Prince Alfred College partnered with Power Tech Energy to implement the Foodie F-100 rapid food waste decomposer, processing up to 100kg of organic food waste daily. The project diverted approximately 20 tonnes of food waste per month from landfill, lowering monthly waste disposal expenses previously exceeding $2,000.

Category
Sustainability
Completed
May 2025
Location
Kent Town, Adelaie

The Challenge

With 20 tonnes of organic waste generated by its canteens and boarding operations each month, Prince Alfred College faces a significant waste management challenge for a leading South Australian school. This volume required over 100 bin collections by contractors, costing the school upwards of $2,000 per month. With all waste destined for off-site landfills, the college lacked both operational control and a mechanism to utilise this waste for educational or sustainable purposes.

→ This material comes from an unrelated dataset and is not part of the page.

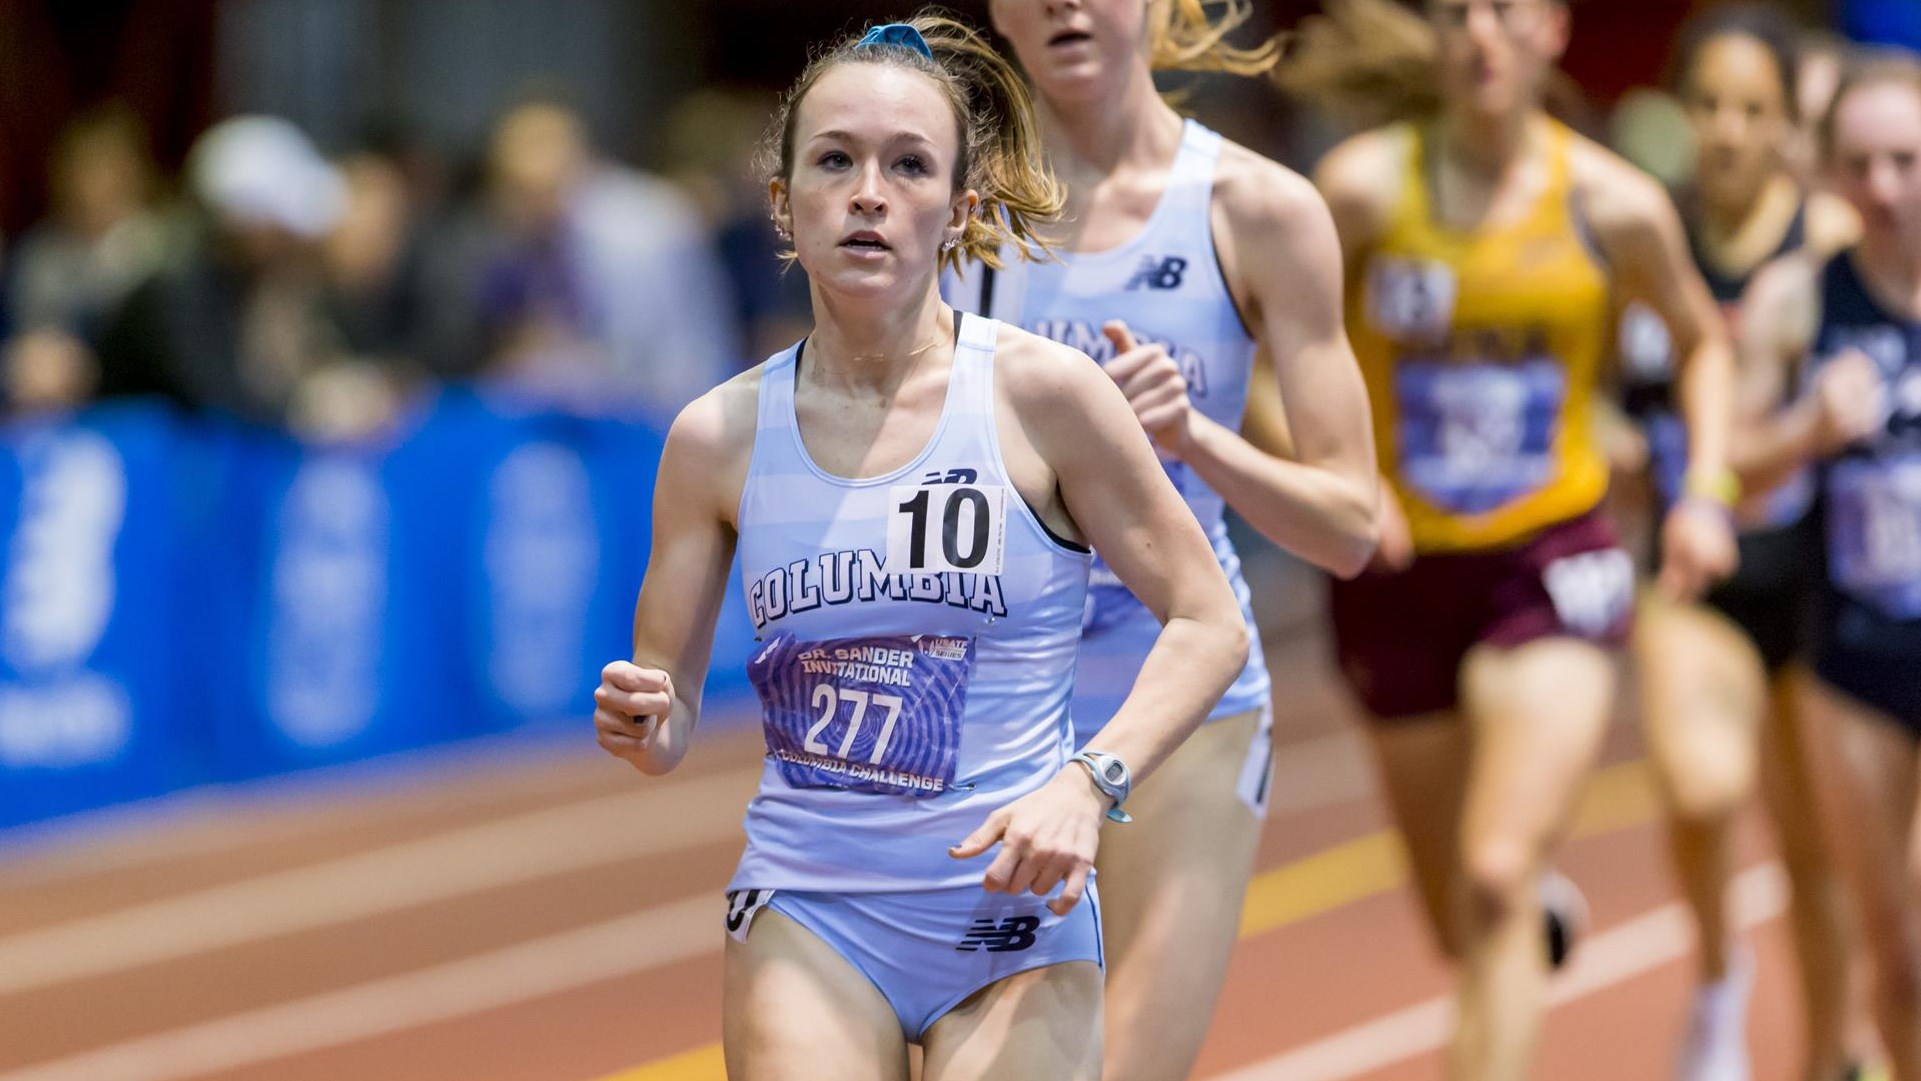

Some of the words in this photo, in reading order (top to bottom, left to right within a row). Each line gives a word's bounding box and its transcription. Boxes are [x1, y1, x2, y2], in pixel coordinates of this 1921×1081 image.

Recognising that landfill-bound food waste accounts for 97% of Australian landfill pollution, Prince Alfred College moved to address its own methane footprint. The school realised that traditional waste disposal was an "out of sight, out of mind" process that offered no educational benefits for its students. To transform this challenge into a learning opportunity, the college required a user-friendly, on-site system capable of processing high volumes, which led to the adoption of Power Tech Energy’s Foodie (F-100 Series).

The Solution

Power Tech Energy worked with Prince Alfred College to install its Foodie F-100, a rapid food waste management system that processes up to 100 kg of organic waste in a 24-hour cycle. Engineered for commercial environments with high-volume waste streams, the Foodie uses a thermophilic process (operating at 60–80°C) to transform mixed food waste into soil. The Foodie chamber is fully enclosed and odour-controlled, enabling a clean, safe operation, making it well-suited for a busy educational campus.

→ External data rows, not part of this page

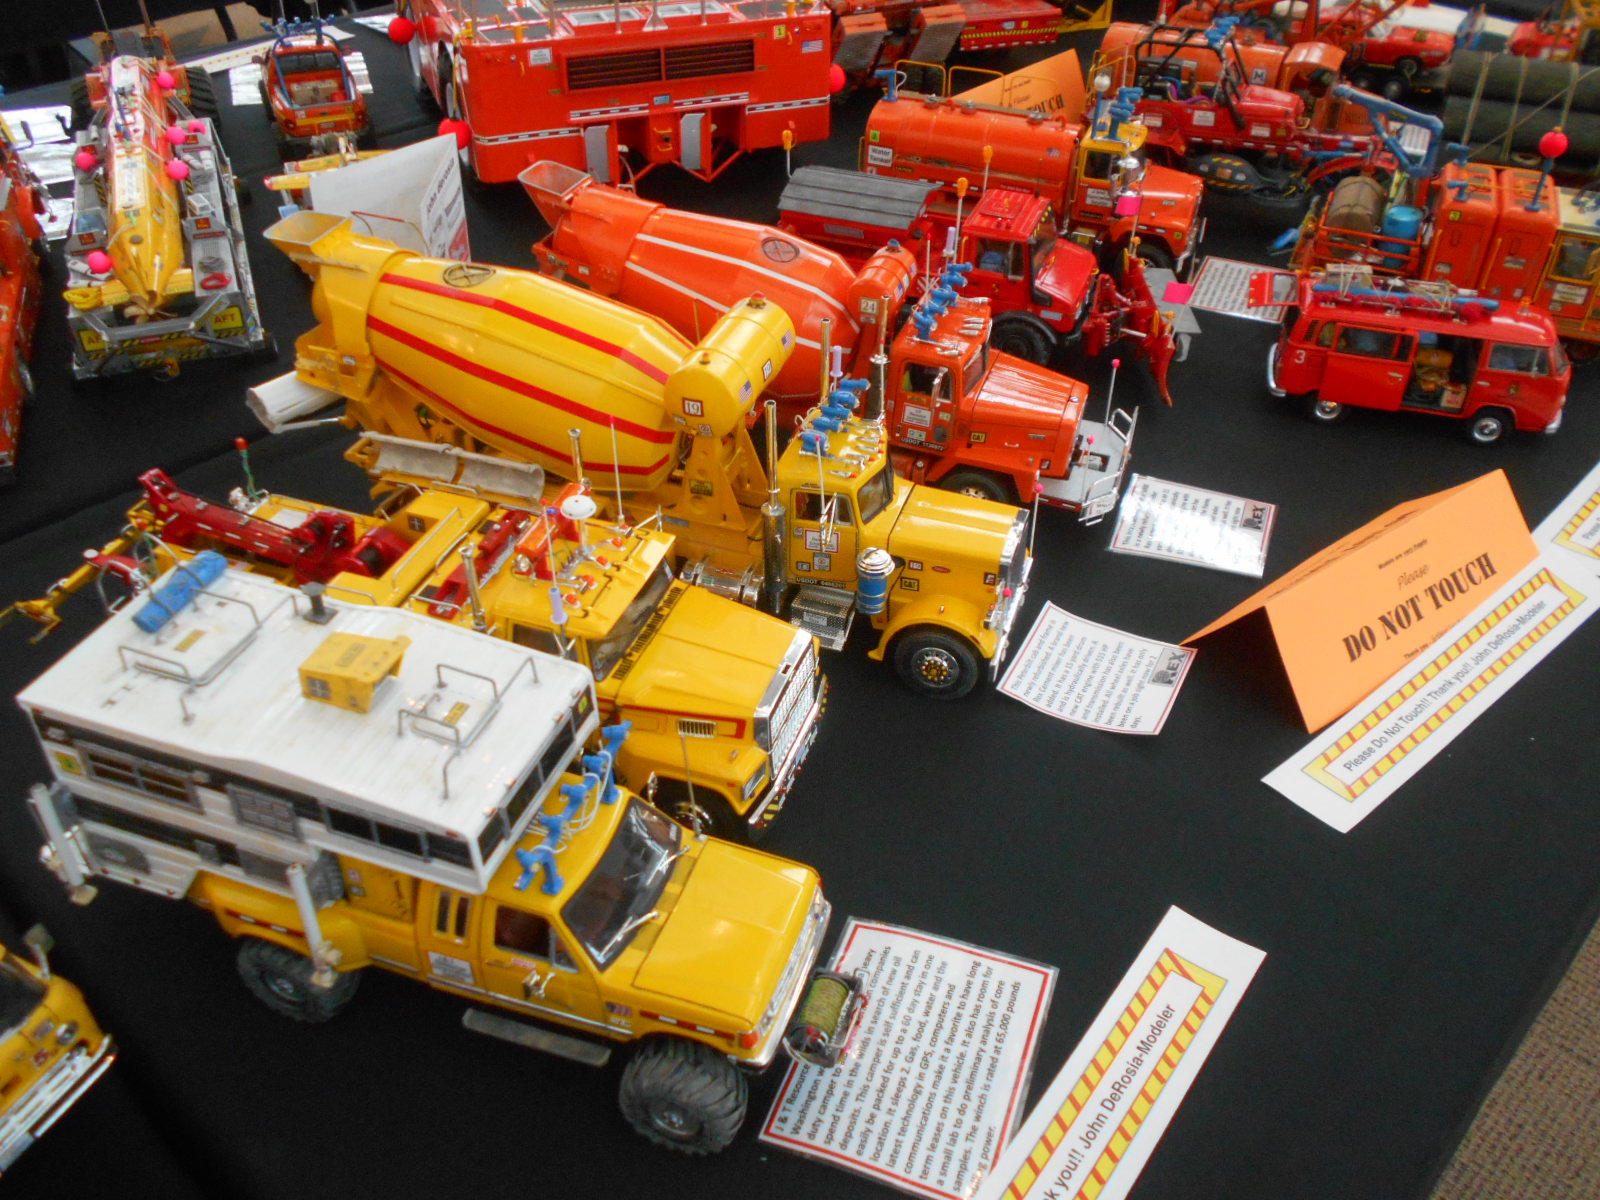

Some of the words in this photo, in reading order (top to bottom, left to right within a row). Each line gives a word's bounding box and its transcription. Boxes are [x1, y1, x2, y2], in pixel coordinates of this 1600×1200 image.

[863, 301, 875, 312] 24
[213, 313, 236, 325] AFT
[1295, 349, 1306, 364] 3
[685, 400, 701, 415] 19
[1397, 564, 1429, 589] Please
[1342, 625, 1376, 662] DO
[1377, 594, 1423, 640] NOT
[1424, 552, 1497, 610] TOUCH
[1342, 746, 1376, 772] Please
[1370, 736, 1388, 748] Do
[1383, 722, 1404, 737] Not
[1397, 697, 1429, 724] Touch!!
[1426, 679, 1455, 700] Thank
[1451, 662, 1473, 683] you!!
[1470, 648, 1492, 665] John
[1487, 600, 1545, 650] DeRosia-Modeler
[925, 955, 934, 970] one
[937, 961, 948, 974] the
[967, 961, 982, 978] long
[982, 967, 993, 978] for
[921, 971, 928, 979] in
[932, 976, 943, 992] and
[914, 980, 927, 997] stay
[946, 984, 956, 1000] and
[960, 980, 973, 1000] have
[977, 981, 989, 1002] room
[995, 981, 1005, 999] core
[1007, 982, 1021, 1014] pounds
[907, 999, 920, 1014] day
[923, 993, 936, 1017] water
[957, 1002, 966, 1010] to
[970, 1005, 982, 1019] has
[991, 999, 999, 1009] of
[902, 1015, 912, 1026] 60
[929, 1002, 950, 1048] computers
[944, 1012, 963, 1046] favorite
[965, 1021, 976, 1039] also
[980, 1012, 996, 1046] analysis
[996, 1014, 1011, 1044] 65,000
[895, 1036, 905, 1045] to
[912, 1021, 928, 1042] food,
[807, 1117, 824, 1140] duty
[818, 1079, 836, 1115] camper
[832, 1068, 842, 1077] to
[869, 947, 891, 988] companies
[824, 1114, 840, 1145] spend
[835, 1091, 850, 1113] time
[844, 1080, 854, 1088] in
[849, 1063, 860, 1077] the
[865, 1027, 875, 1035] in
[882, 986, 890, 996] of
[887, 969, 897, 985] new
[894, 956, 902, 967] oil
[839, 1107, 862, 1151] deposits.
[856, 1085, 870, 1102] This
[866, 1048, 883, 1083] camper
[890, 982, 909, 1020] sufficient
[905, 965, 915, 980] and
[911, 951, 919, 964] can
[892, 1047, 901, 1059] up
[994, 1045, 1002, 1055] at
[905, 1045, 920, 1064] Gas,
[920, 1050, 935, 1070] GPS,
[883, 1061, 894, 1074] for
[918, 1072, 926, 1081] in
[932, 1064, 946, 1090] make
[951, 1052, 966, 1084] vehicle.
[963, 1048, 986, 1102] preliminary
[986, 1056, 999, 1082] rated
[873, 1076, 890, 1111] packed
[891, 1077, 907, 1107] sleeps
[944, 1087, 956, 1104] this
[981, 1084, 991, 1092] is
[1054, 1148, 1084, 1191] you!!
[1079, 1113, 1108, 1149] John
[1099, 1004, 1175, 1112] DeRosia-Modeler
[790, 1079, 821, 1135] Washington
[897, 1083, 924, 1137] technology
[940, 1107, 949, 1119] on
[957, 1103, 968, 1116] do
[974, 1094, 987, 1122] winch
[865, 1113, 876, 1125] be
[953, 1118, 963, 1129] to
[856, 1127, 873, 1156] easily
[870, 1122, 891, 1162] location.
[904, 1092, 937, 1174] communications
[927, 1122, 944, 1152] leases
[947, 1132, 959, 1147] lab
[965, 1125, 978, 1142] The
[886, 1139, 903, 1168] latest
[981, 1127, 994, 1161] power.
[919, 1155, 933, 1180] term
[940, 1149, 953, 1177] small
[953, 1148, 972, 1192] samples.

The system accepts a broad range of organic inputs: cooked and uncooked food, plate scrapings, plant offcuts, and food preparation residues. Mechanical action, thermophilic biological activity, and controlled heat work together to accelerate decomposition in 24 hours, reducing the original volume by approximately 85–90%. The result is a dry, stable, soil-like material enriched with nitrogen, phosphorus, and potassium, ready for use in college gardens and landscaping. Beyond routine inspections and checks, the unit requires 20 minutes of staff attention per day, which fits an environment where safety, simplicity, and predictability matter.

Food waste and soil produced by Foodie after 24-hour cycle

The Foodie F-100 unit was installed within a zone adjacent to key waste-generation points, enabling seamless integration with existing kitchen and facility workflows. Power Tech Energy delivered comprehensive operational training to relevant staff, covering unit functionality, safety protocols, and appropriate waste-segregation practices.

Foodie is installed next to bin collection areas

The Result

Before the commissioning of the Foodie, the school relied on approximately 100+ bins per month. There was a significant reduction after the Foodie project. The system also reduces the volume of organic waste by 85 – 90%, so most food waste is no longer transported off-site or sent to landfill. By finding a better way to handle this waste, the College is directly reducing the country's methane output and protecting the environment. Fewer collections also mean lower fuel use and indirect operational costs.

Prince Alfred College has shifted from a traditional waste model to an on-site system: waste becomes soil, soil is used as mulch on college grounds, and students see sustainability in action. The project shows how practical technology can deliver measurable environmental and cost benefits while strengthening the school’s role as a sustainability leader in education.